Viewpoint School Spotlight: The Diddens

Viewpoint School Spotlight: The Diddens

Kaila Franzwa-Moody, Staff Writer

At the Viewpoint Convocation on Friday, September 2, 2022 ten members of the Viewpoint staff and teachers received the Endowed Chairs awards– as well as bouquets, for their significance in the school’s community, and popularity amongst fellow staff members. Of the 10 members, Mr. and Mrs. Didden both accepted the Viewpoint Excellence in Teaching Prizes (> 10 years). The married couple is a staple of society at Viewpoint school, representing the six core values of Love, Optimism, Honor, Excellence, Optimism and Imagination. 

Mrs. Didden, the teacher for Design and Technology Integration in the Middle School was interviewed about her career in teaching last Thursday.

Getting into teaching for Mrs. Didden involved several aspects. After graduating from college, she “actually took a teaching job sort of on a whim” because of the guarantee that she could stay living where she was.
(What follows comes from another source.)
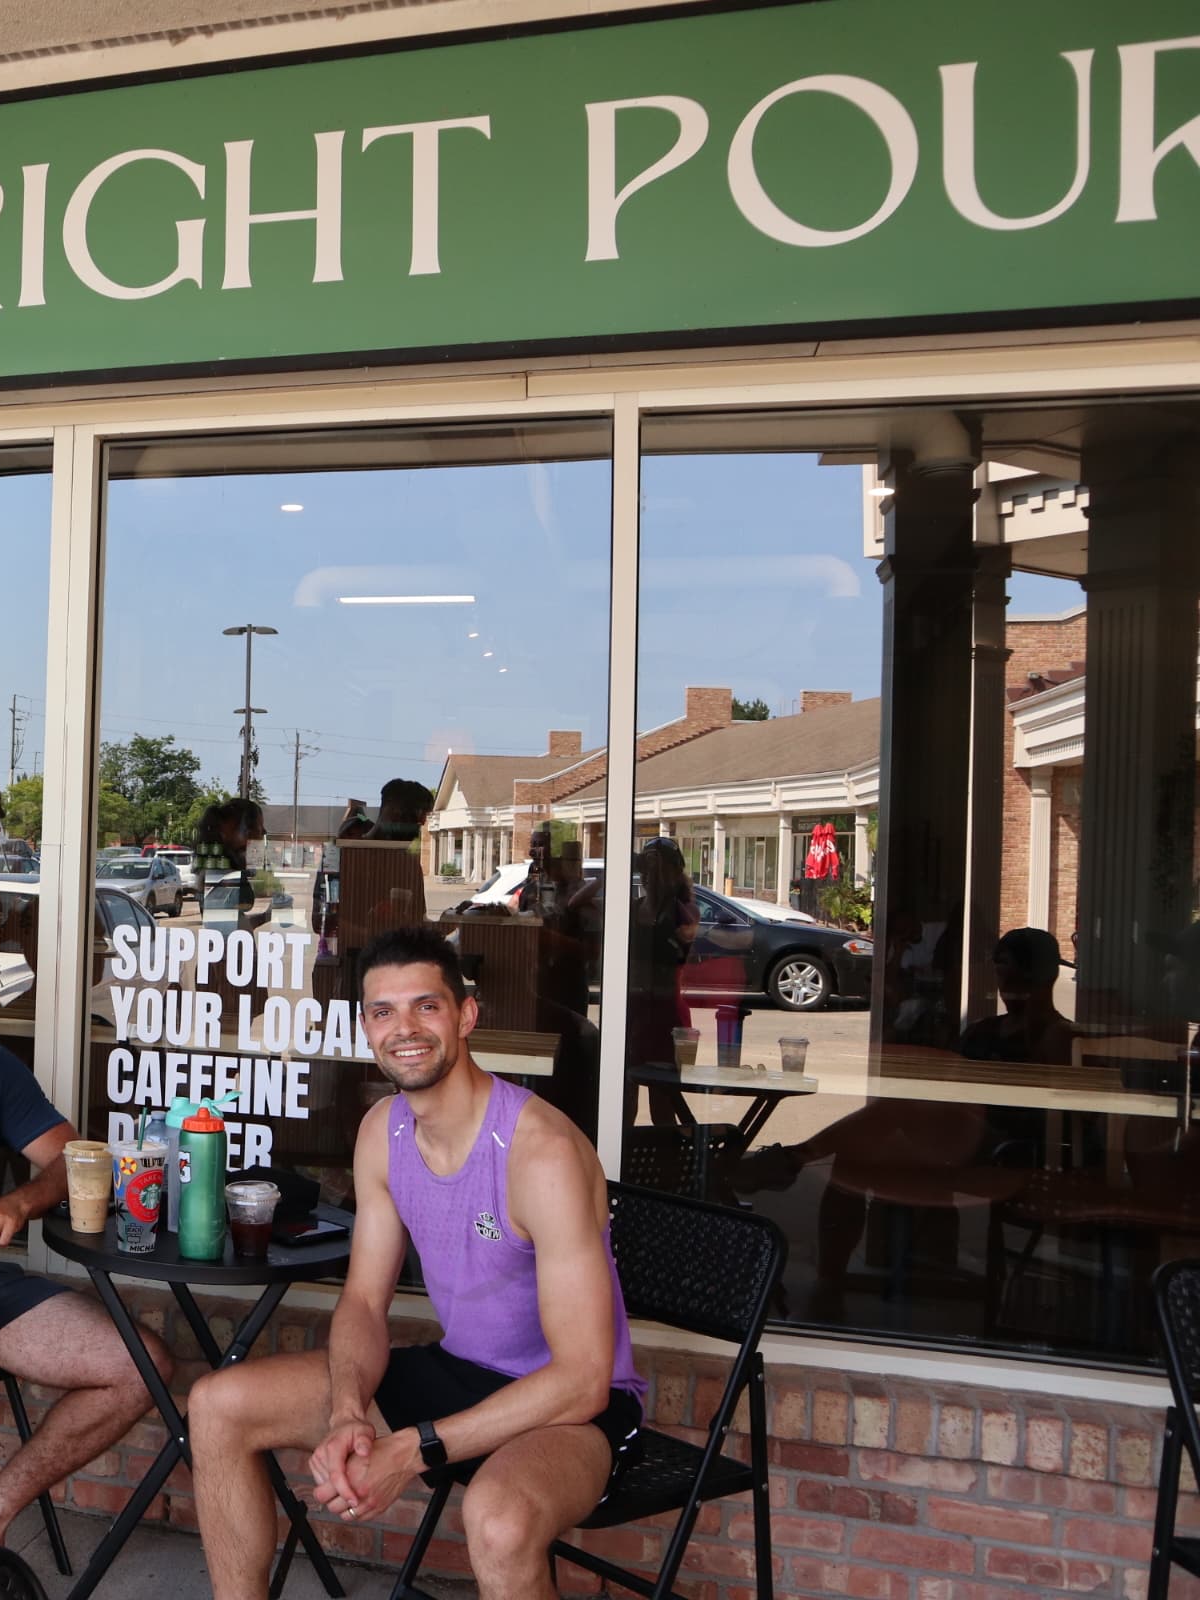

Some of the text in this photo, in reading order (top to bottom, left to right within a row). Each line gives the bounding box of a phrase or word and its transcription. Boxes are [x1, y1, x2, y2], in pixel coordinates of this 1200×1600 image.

[111, 924, 312, 990] SUPPORT
[110, 986, 375, 1059] YOUR LOCAL
[107, 1047, 310, 1120] CAFFEINE
It was a small school and she loved science and “worked camps and things”. She recalls taking this job “thinking [she] would apply to grad school and then I loved [the job], but I didn’t like living in suburban New Jersey”. Upon realizing she was “young and single and.. could do it anywhere”, the decision to teach outdoors rather than apply to grad school came resultingly.  She ended up working on Catalina Island teaching marine science, snorkeling and kayaking, where she met Mr. and Mrs. Kessler. “I had known Mr. Didden, but we all worked there together, and then from there we moved to working in L.A. Independent Schools.

As for when her career in teaching began, she said teaching seemed to come naturally for her, explaining how she started her first year out of college  “–kind of on a whim”. She had always tutored, worked summer camps, and knew she likes working with kids.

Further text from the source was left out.